In this paper, we suggest “openness” in international strategy processes as an approach for MNEs to respond not only to changes in the increasingly complex global environment but also to tackle some of the main challenges in International Management (IM). We ask if and how Open Strategy processes can critically help and support MNEs to move beyond established dogmas in IB.

Consequences of increasing distance

In a recent bibliometric study of 25 years of IM scholarship Kumar et al. (2023) identified the major themes explored in this body of literature. According to their analysis, the most prominently researched topics and questions in IM cover the role of distance – cultural, psychic, geographical or institutional – and its implications, mainly in the liability of foreignness.

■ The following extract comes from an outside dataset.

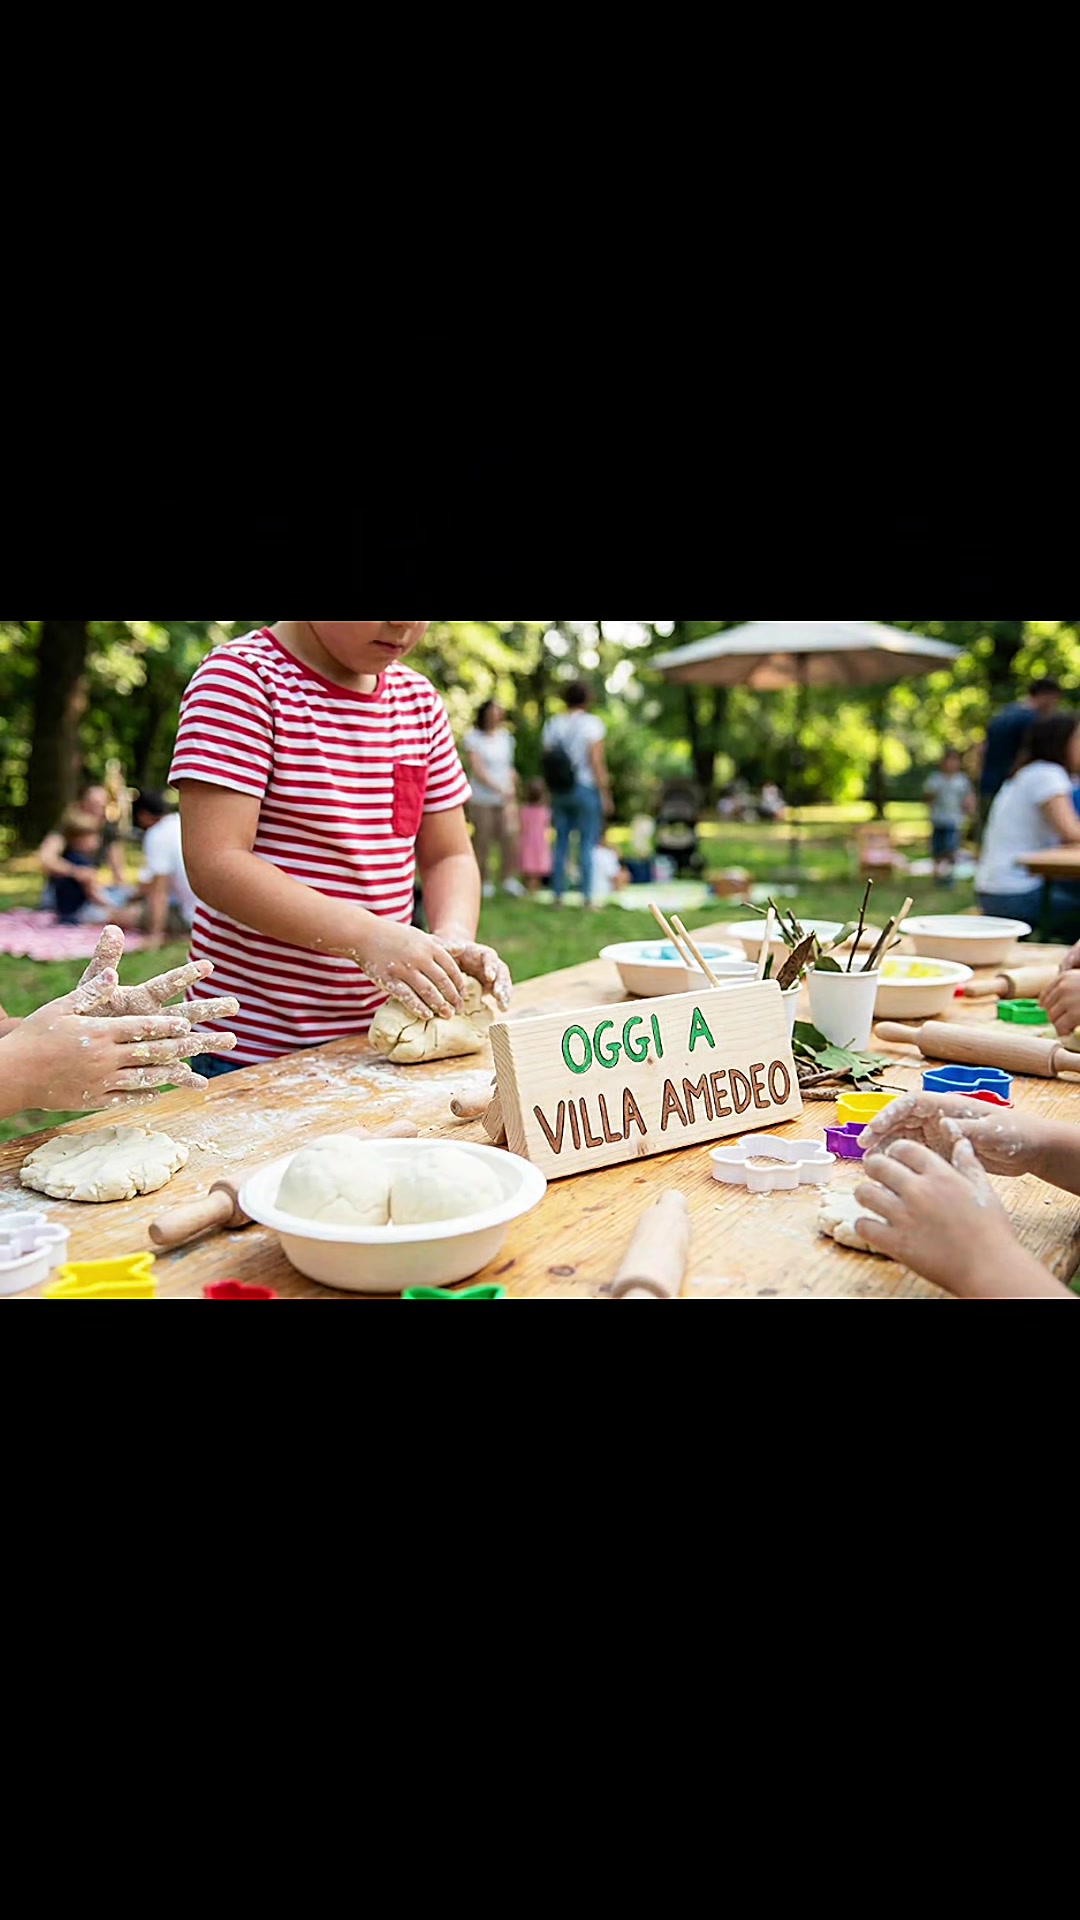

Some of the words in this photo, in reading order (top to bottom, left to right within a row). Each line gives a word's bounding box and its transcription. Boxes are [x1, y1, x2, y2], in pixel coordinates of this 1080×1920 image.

[561, 1013, 664, 1075] OGGI
[688, 1006, 716, 1052] A
[533, 1087, 648, 1155] VILLA
[660, 1060, 791, 1131] AMEDEO
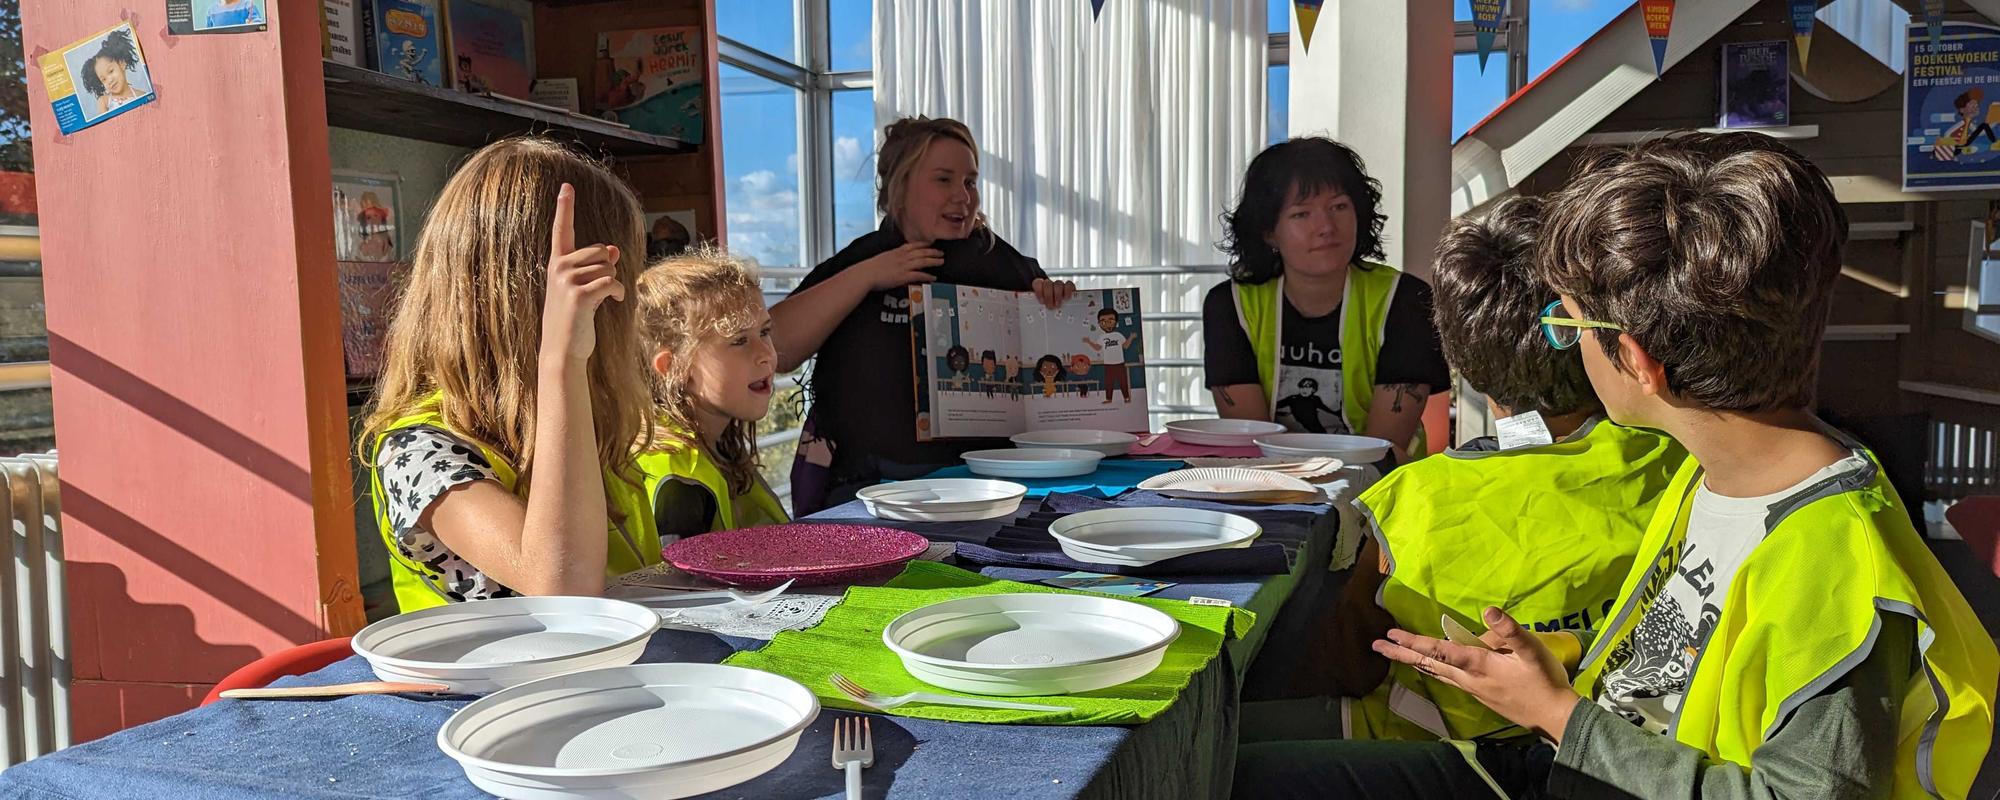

In addition, another central theme is innovation and knowledge management in MNEs, which is closely related to the relationship between headquarters (HQ) and subsidiaries, mechanisms of control and coordination and the knowledge flow and transfer between them.

Currently, de- and anti-globalization can be observed, e.g. Western firms leaving Russia because of its war with the Ukraine or firms exiting the UK after Brexit to circumvent new trade barriers with the EU. In both cases, the cause is political change. Meyer (2017) discusses how anti-globalization is fueled by concerns that, e.g. supranational institutions unhinge national sovereignty as their international operations may create imbalances between the required international trade agreements and national policies that are preferred by citizens. In addition, while globalization might be beneficial on average, the gains are not distributed evenly. Those holding capital in developed economies tend to capture value from lower production costs linked to global supply chains but workers are at higher risk of losing their jobs. Consequently, politicians started to champion economic nationalism. This is also paired with the growing rift between Russia and China with the West.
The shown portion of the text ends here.